EXERCISE MATERIAL below:
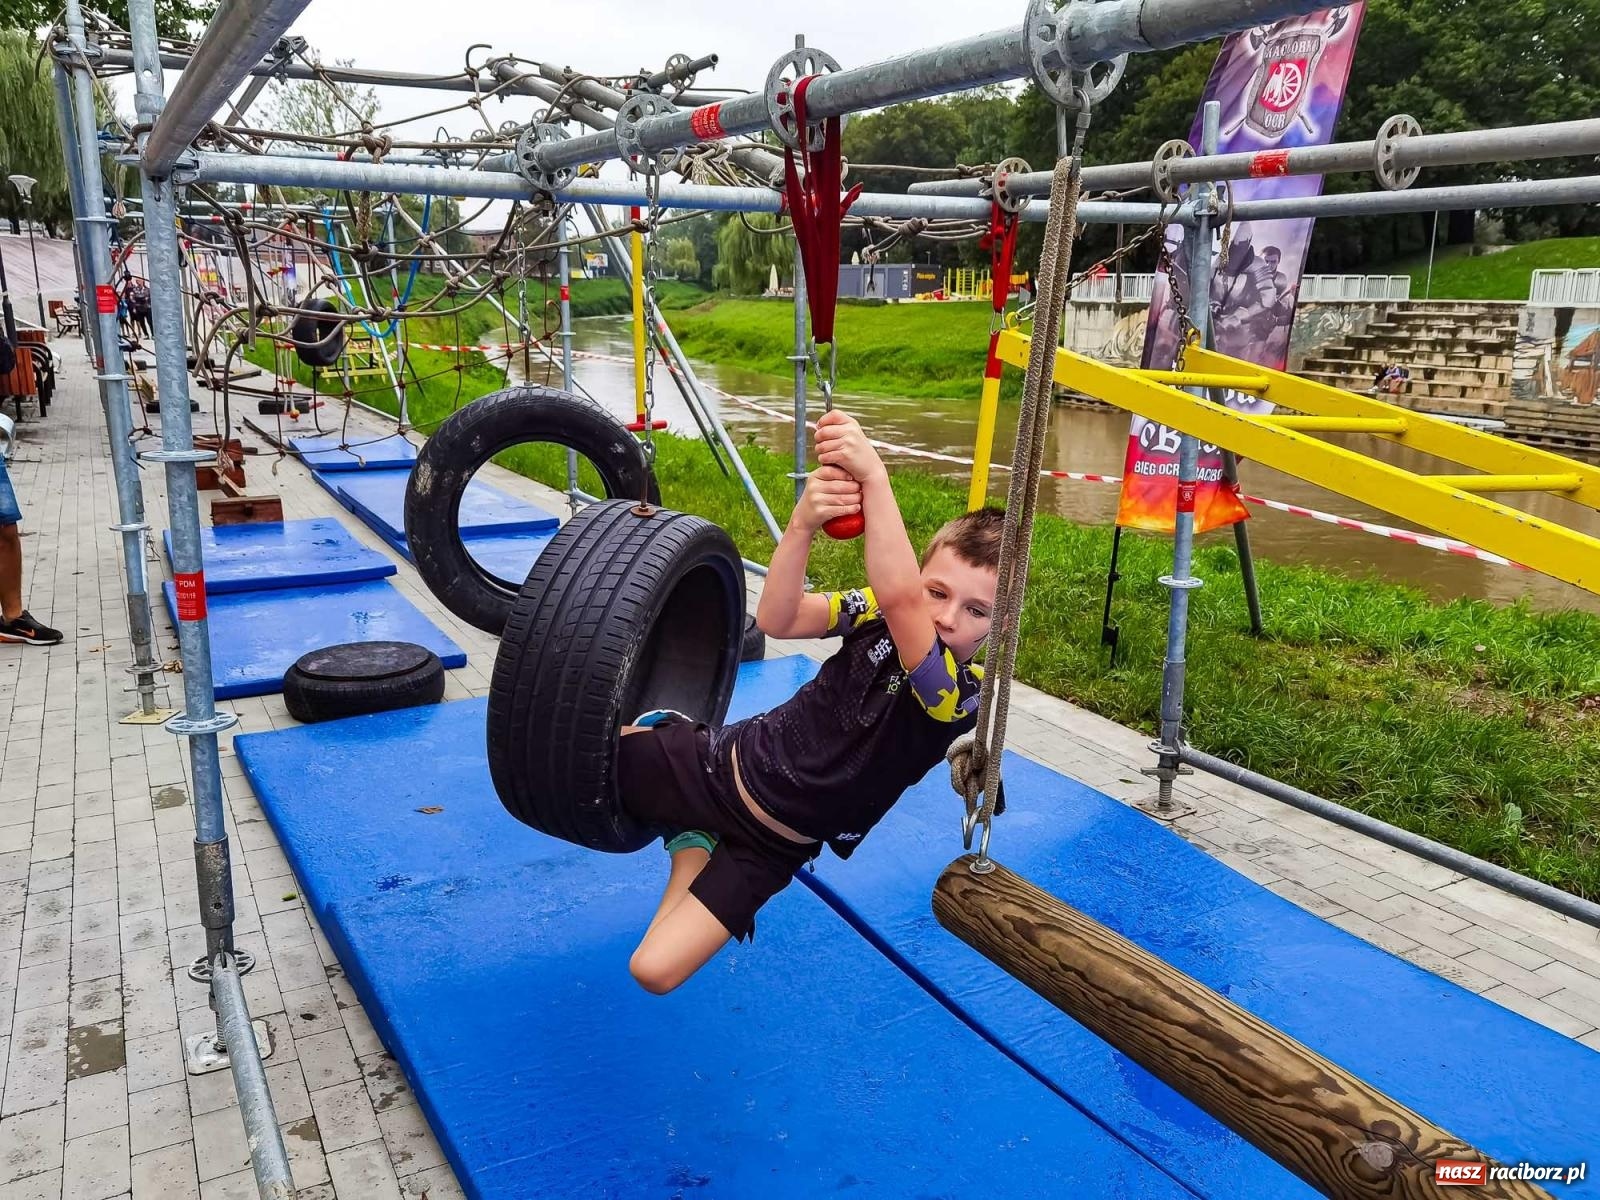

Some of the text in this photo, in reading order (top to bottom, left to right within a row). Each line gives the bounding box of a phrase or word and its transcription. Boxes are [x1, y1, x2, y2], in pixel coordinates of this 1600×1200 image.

[1264, 113, 1286, 127] OCR
[1134, 461, 1156, 475] BIEG
[1158, 463, 1180, 476] OCR
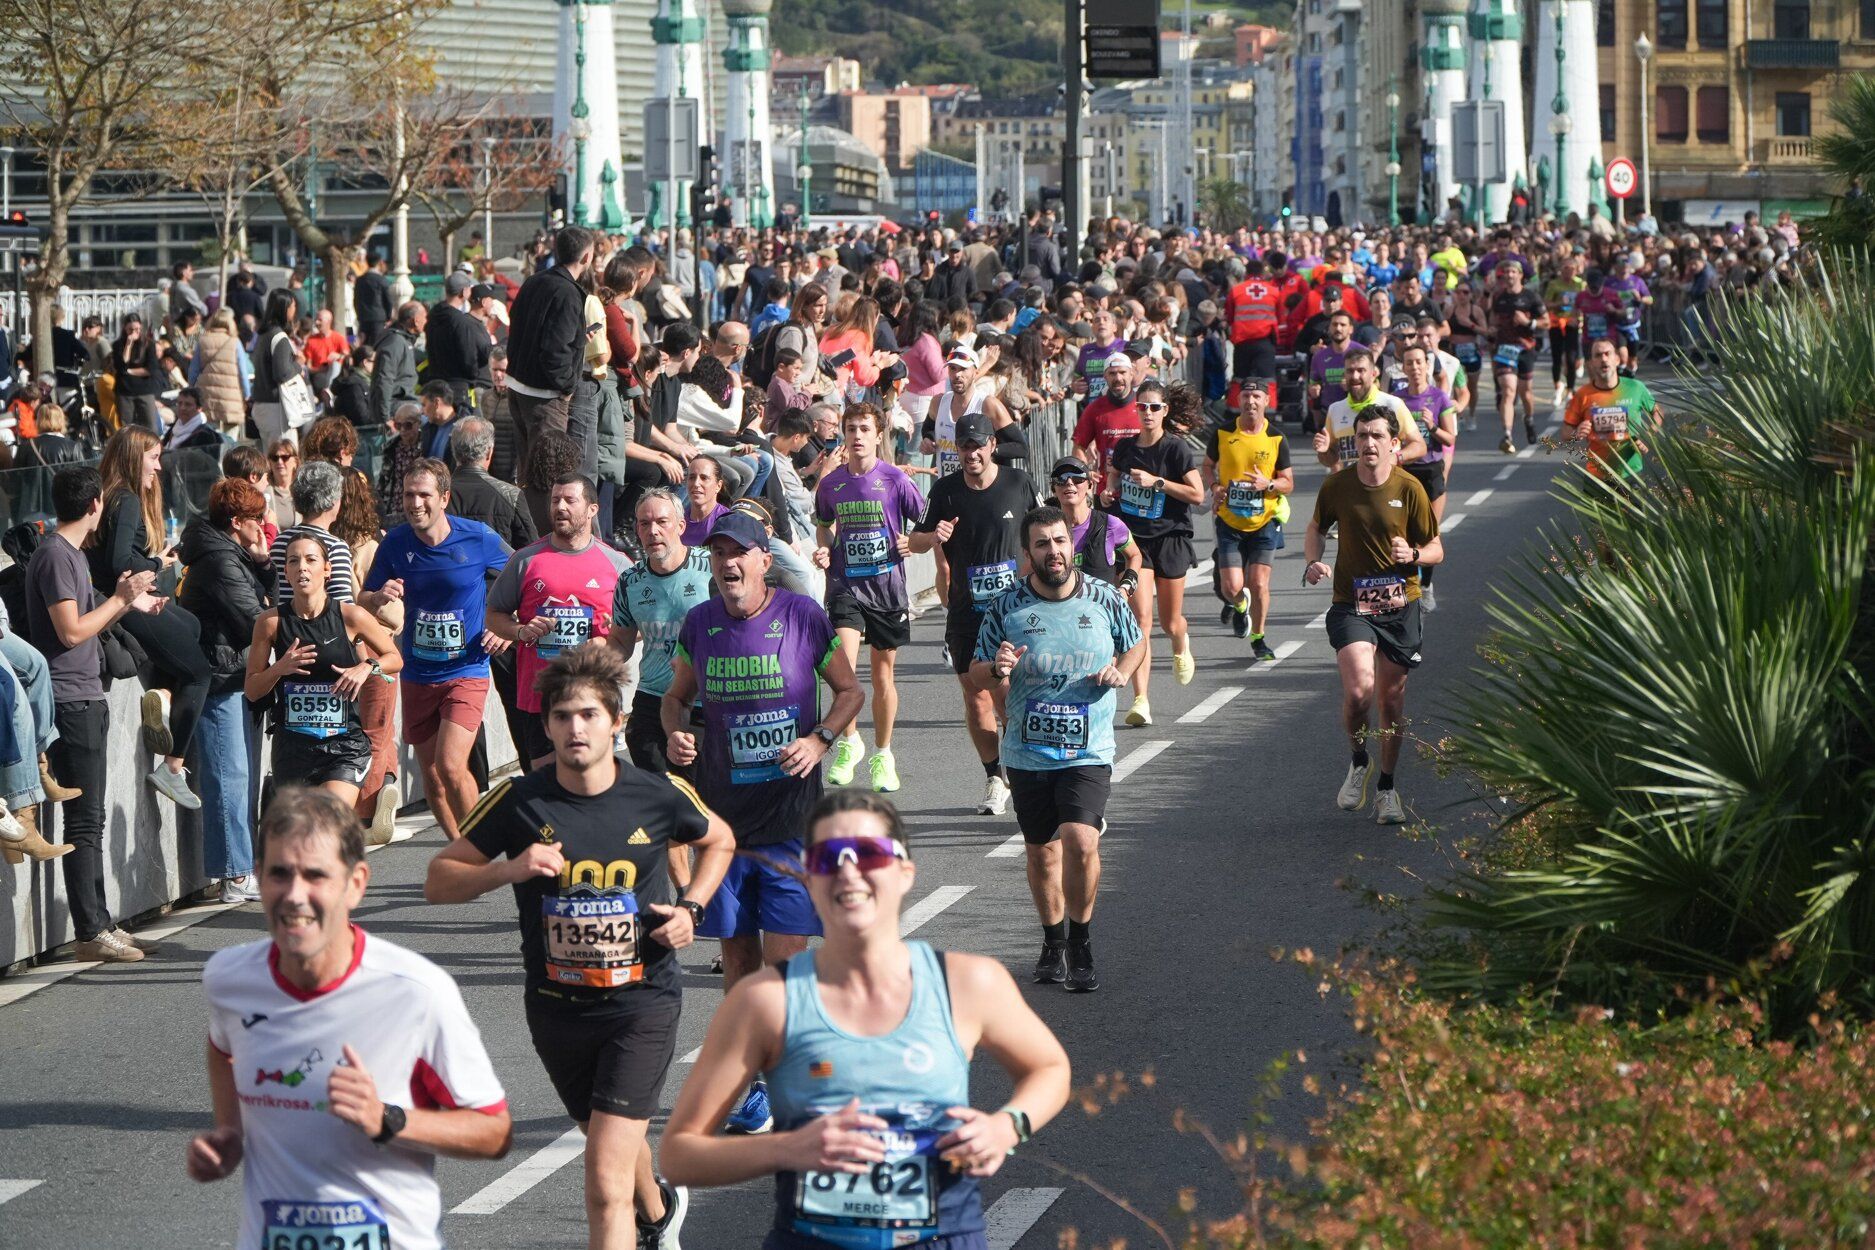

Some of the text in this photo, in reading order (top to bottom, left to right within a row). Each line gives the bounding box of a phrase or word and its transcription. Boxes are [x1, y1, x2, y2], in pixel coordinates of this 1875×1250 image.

[1614, 172, 1630, 184] 40
[1595, 416, 1626, 426] 15794
[1122, 482, 1151, 499] 11070
[1230, 489, 1263, 501] 8904
[836, 501, 883, 515] BEHOBIA
[856, 530, 882, 541] Joma
[847, 540, 886, 556] 8634
[983, 564, 1009, 575] Joma
[973, 574, 1013, 593] 7663
[1370, 577, 1398, 587] Joma
[1359, 586, 1402, 603] 4244
[425, 612, 456, 622] Joma
[553, 608, 585, 617] Joma
[416, 623, 460, 639] 7516
[549, 620, 587, 636] 426
[664, 640, 680, 657] 57
[706, 654, 782, 678] BEHOBIA
[706, 679, 724, 692] SAN
[1050, 674, 1068, 692] 57
[291, 697, 341, 713] 6559
[1044, 704, 1079, 714] Joma
[747, 709, 789, 726] Joma
[1029, 715, 1083, 735] 8353
[733, 724, 795, 750] 10007
[569, 899, 626, 917] Joma
[551, 921, 633, 946] 13542
[293, 1204, 368, 1227] Joma
[842, 1201, 890, 1215] MERCE
End of EXERCISE MATERIAL.
Without including a single picture, restate all of the data word for word.

# ANSWER SECTION:
Some of the text in this photo, in reading order (top to bottom, left to right within a row). Each line gives the bounding box of a phrase or word and its transcription. Boxes are [x1, y1, x2, y2], in pixel coordinates of this 1600×1200 image.

[1264, 113, 1286, 127] OCR
[1134, 461, 1156, 475] BIEG
[1158, 463, 1180, 476] OCR

Some of the text in this photo, in reading order (top to bottom, left to right within a row). Each line gives the bounding box of a phrase or word and its transcription. Boxes are [x1, y1, x2, y2], in pixel coordinates of this 1875×1250 image.

[1614, 172, 1630, 184] 40
[1595, 416, 1626, 426] 15794
[1122, 482, 1151, 499] 11070
[1230, 489, 1263, 501] 8904
[836, 501, 883, 515] BEHOBIA
[856, 530, 882, 541] Joma
[847, 540, 886, 556] 8634
[983, 564, 1009, 575] Joma
[973, 574, 1013, 593] 7663
[1370, 577, 1398, 587] Joma
[1359, 586, 1402, 603] 4244
[425, 612, 456, 622] Joma
[553, 608, 585, 617] Joma
[416, 623, 460, 639] 7516
[549, 620, 587, 636] 426
[664, 640, 680, 657] 57
[706, 654, 782, 678] BEHOBIA
[706, 679, 724, 692] SAN
[1050, 674, 1068, 692] 57
[291, 697, 341, 713] 6559
[1044, 704, 1079, 714] Joma
[747, 709, 789, 726] Joma
[1029, 715, 1083, 735] 8353
[733, 724, 795, 750] 10007
[569, 899, 626, 917] Joma
[551, 921, 633, 946] 13542
[293, 1204, 368, 1227] Joma
[842, 1201, 890, 1215] MERCE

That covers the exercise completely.